Background technology
Carbon fiber is through carbonization and graphitization processing and the micro crystal graphite material that obtains by organic fiber.Carbon fiber has excellent mechanical property, and its proportion is less than 1/4 of steel, and carbon fiber resin composite material tensile strength is 7-9 times of steel, and tensile modulus of elasticity is also higher than steel.Carbon fiber also has unique chemical property, and it is phosphorus content higher than 90% inorganic polymer fiber, and its fatigue durability is good, specific heat and electric conductivity are between nonmetal and metal, and thermal coefficient of expansion is little, good corrosion resistance, the density of fiber is low, and the X ray permeability is good, and chemical stability is strong.So carbon fibre material as protective materials, radiation resistance material, aviation and wide and electrode material, is widely used at present.
CNT is as monodimension nanometer material, and is lightweight, has many abnormal mechanics, calorifics, electricity and chemical property.CNT is because have huge specific surface, and its surperficial rejected region is with numerous active groups, so CNT is also in order to make the composite of a lot of excellent performances.

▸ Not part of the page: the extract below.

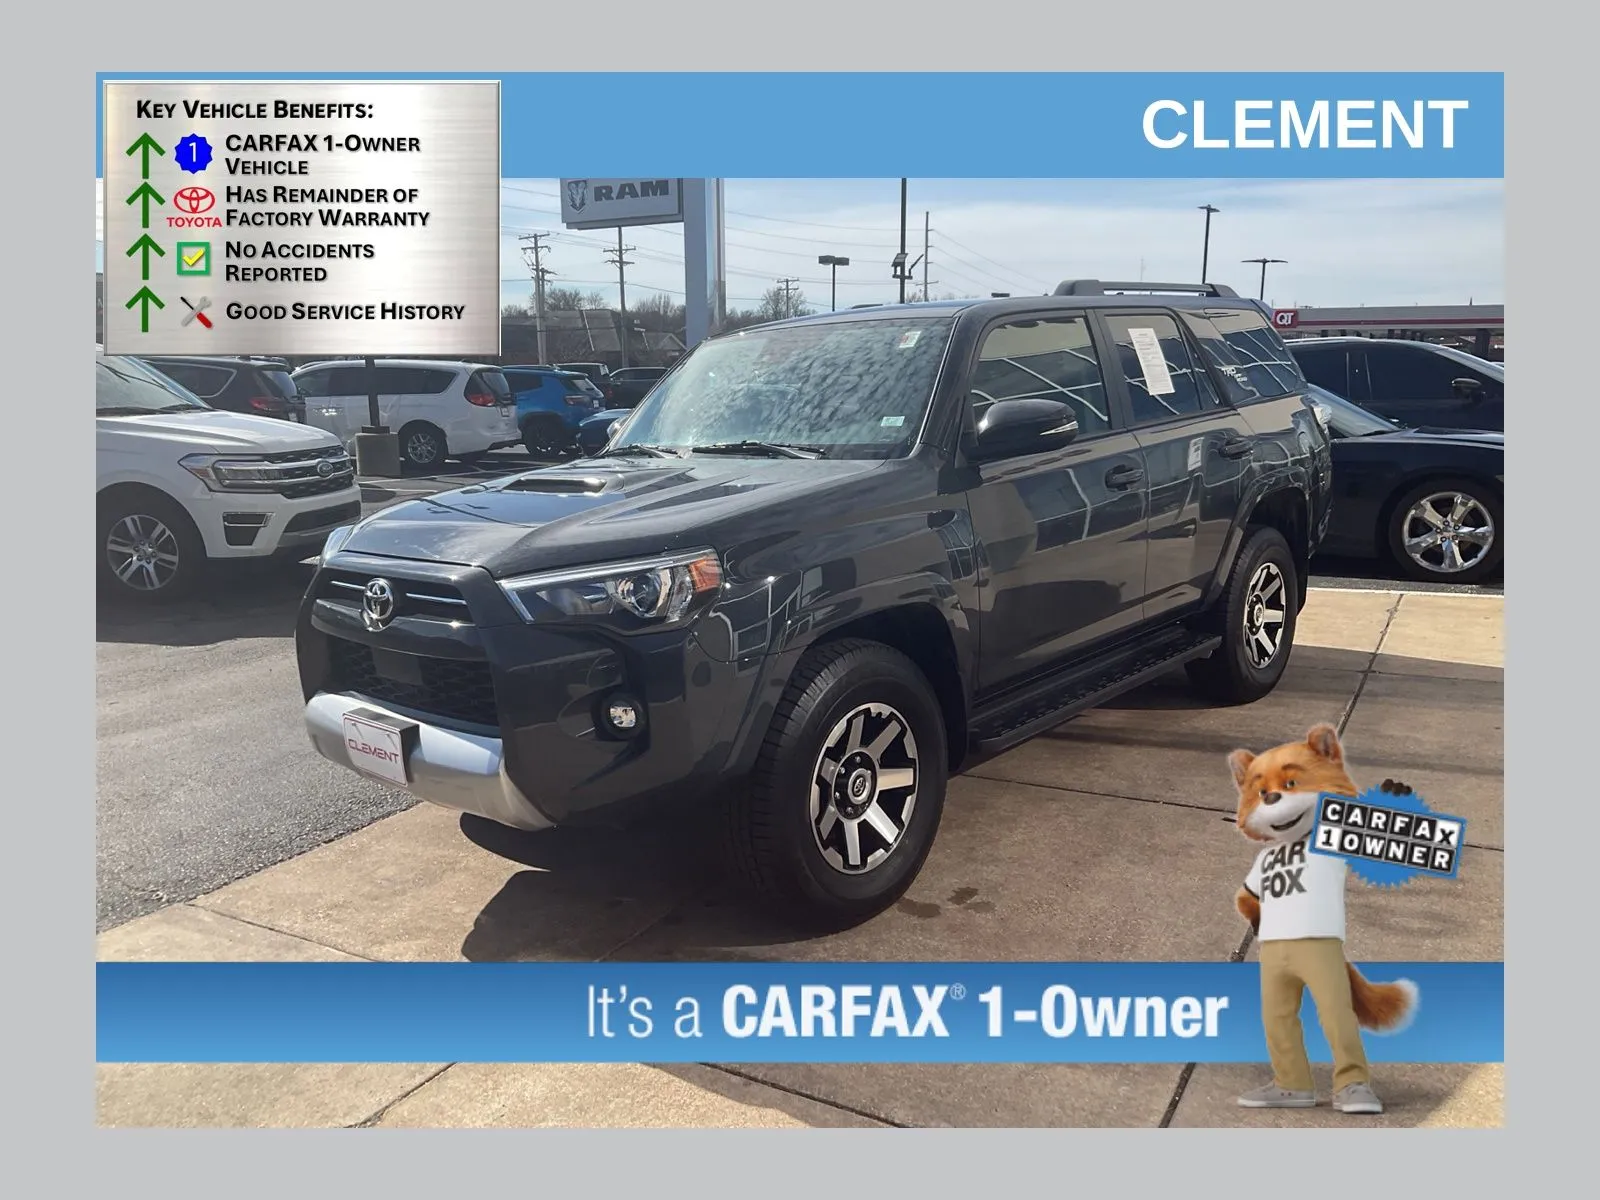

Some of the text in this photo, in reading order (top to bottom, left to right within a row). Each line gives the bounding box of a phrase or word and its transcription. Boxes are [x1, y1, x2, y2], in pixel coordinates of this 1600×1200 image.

[593, 179, 669, 202] RAM
[1276, 311, 1295, 326] QT
[348, 739, 399, 763] CLEMENT

Titanium dioxide nano material is the best catalysis material of present performance, has high catalytic activity, high stability.Simultaneously the nano titania material is also showing great application prospect aspect fuel cell and photochemistry decomposition water, provides engineering feasibility for the green energy resource in future solves.
But the nano combined mode of carbon current fibrous material and carbon all divided for two steps completed, and namely first grew CNT, then carbon nanotube dispersed was obtained the dispersion liquid of CNT in the solution, utilized the carbon nano tube dispersion liquid after disperseing compound with carbon fiber again.This preparation carbon fiber/carbon nano tube compound material preparation method's shortcoming is: (1) carbon nanotube dispersed is undesirable, is difficult to form single the dispersion, so the excellent properties of compound rear CNT itself is not reflected; (2) CNT is first to grow rear compoundly, is not that growth in situ is on carbon fiber, so combination both is more weak, so the CNT after compound is easy to break away from carbon fiber.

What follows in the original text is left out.